Voilà quelle est l’harmonie de l’Univers, la merveilleuse et grande unité dans son œuvre d’art, cette œuvre éternelle. Or vous, vous blasphémez cette magnificence, avec vos réclamations tendant à une déplorable particularisation, et cela parce que, arrêtés dans le premier vestibule de la morale, et même à l’égard de celle-ci vous en tenant encore aux éléments, vous méconnaissez la religion haute. Votre besoin se marque assez distinctement, puissiez-vous seulement vous en bien rendre compte et le contenter ! Cherchez, parmi tous les faits dans lesquels se reflète cet ordre céleste, s’il ne s’en trouve pas un qui se dévoilera à vous comme un signe divin.
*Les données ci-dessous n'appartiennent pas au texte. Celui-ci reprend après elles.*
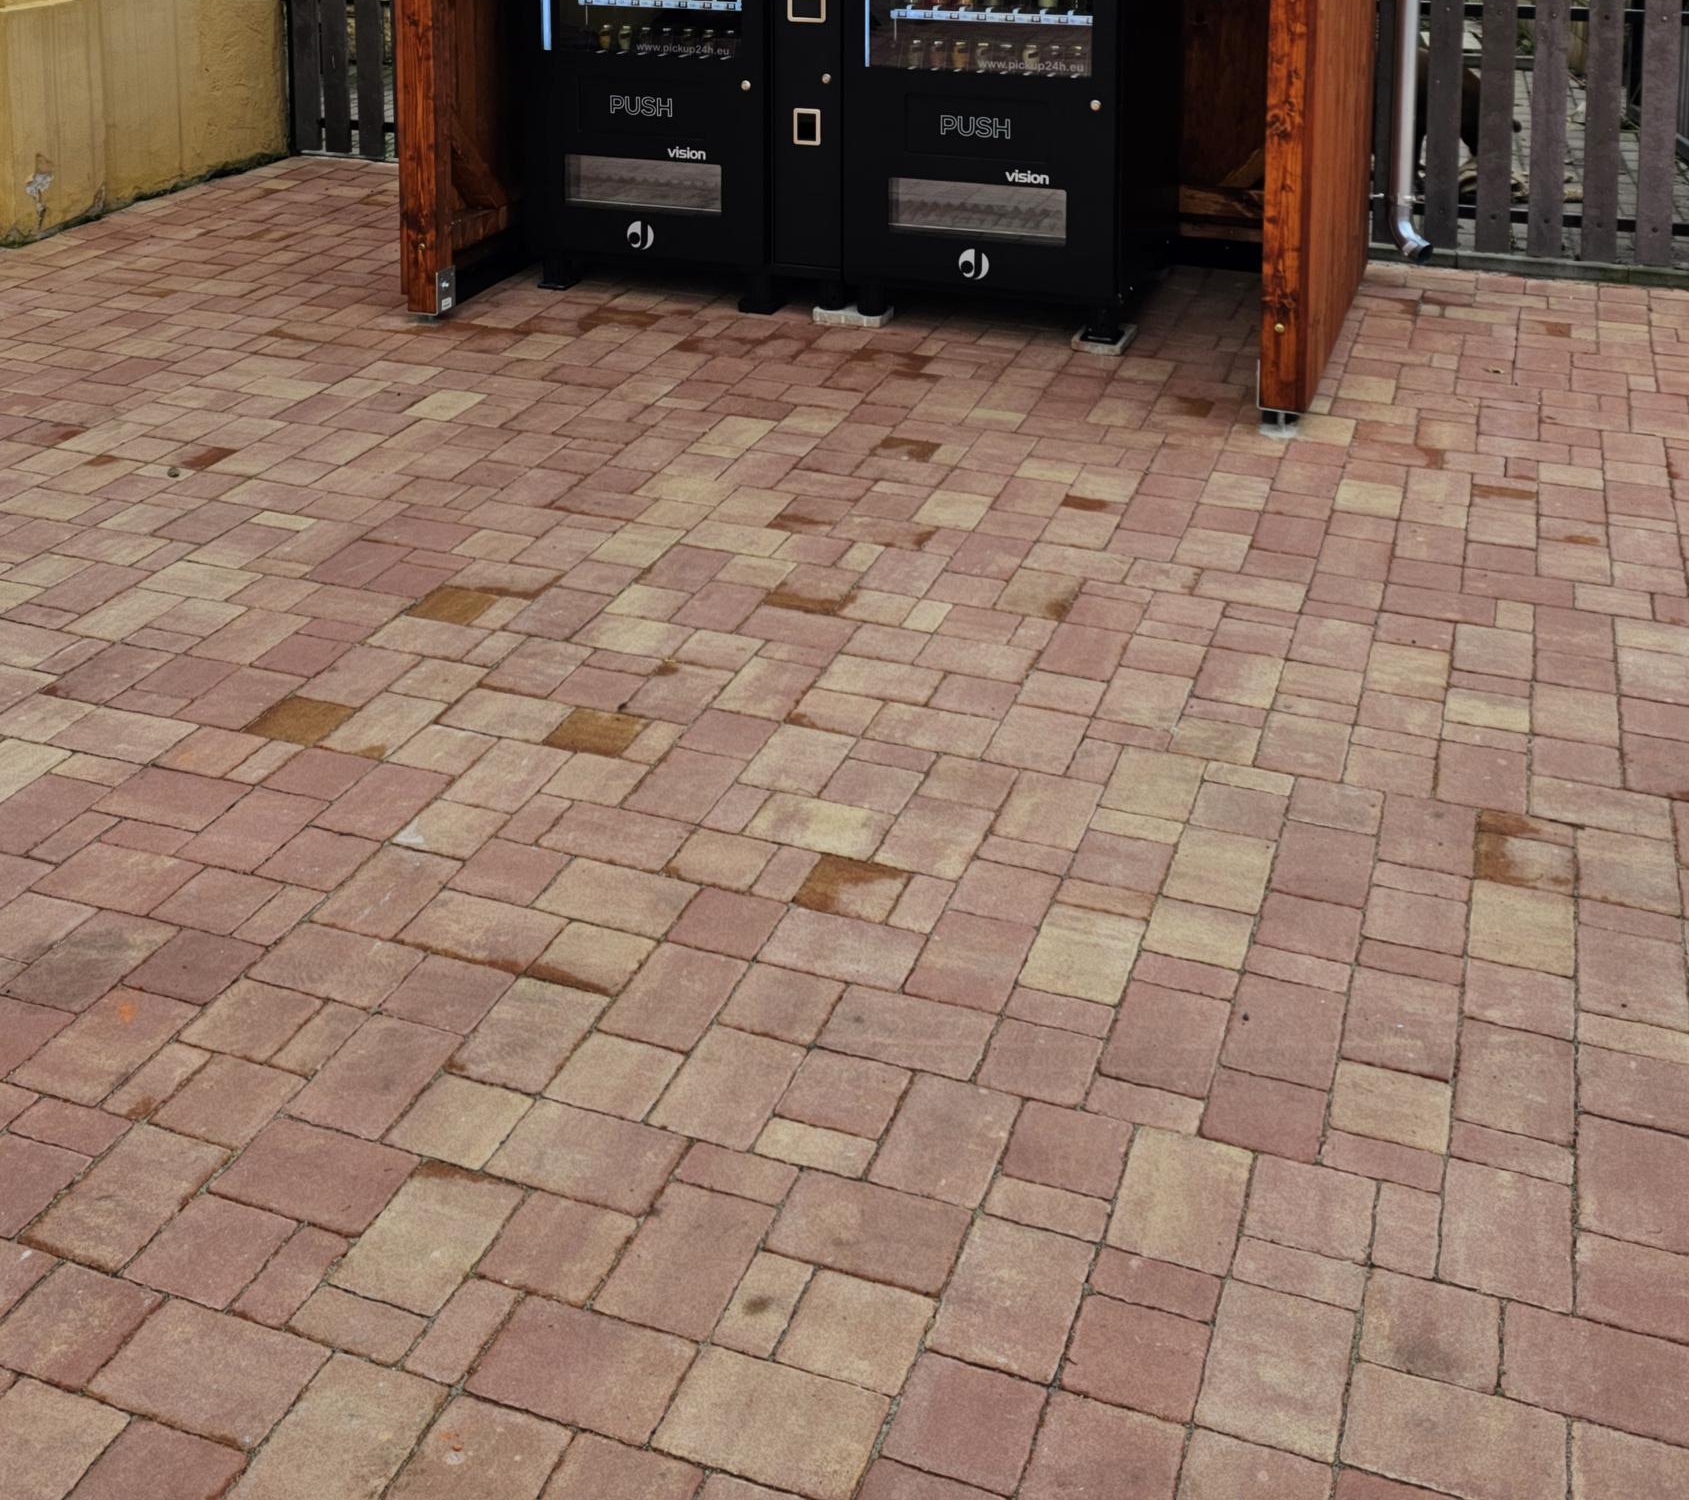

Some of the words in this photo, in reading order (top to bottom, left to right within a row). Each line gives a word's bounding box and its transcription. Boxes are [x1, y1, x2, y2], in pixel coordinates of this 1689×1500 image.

Faites complaisamment accueil à une vieille notion depuis longtemps rejetée, et cherchez, parmi tous les hommes saints dans lesquels l’humanité se révèle plus immédiatement, à en trouver un qui puisse être [98] le médiateur entre votre façon de penser bornée et les limites éternelles du monde ; et quand vous l’aurez trouvé, parcourez alors toute l’humanité, et laissez éclairer du reflet de cette nouvelle lumière tout ce qui jusque-là vous paraissait différent.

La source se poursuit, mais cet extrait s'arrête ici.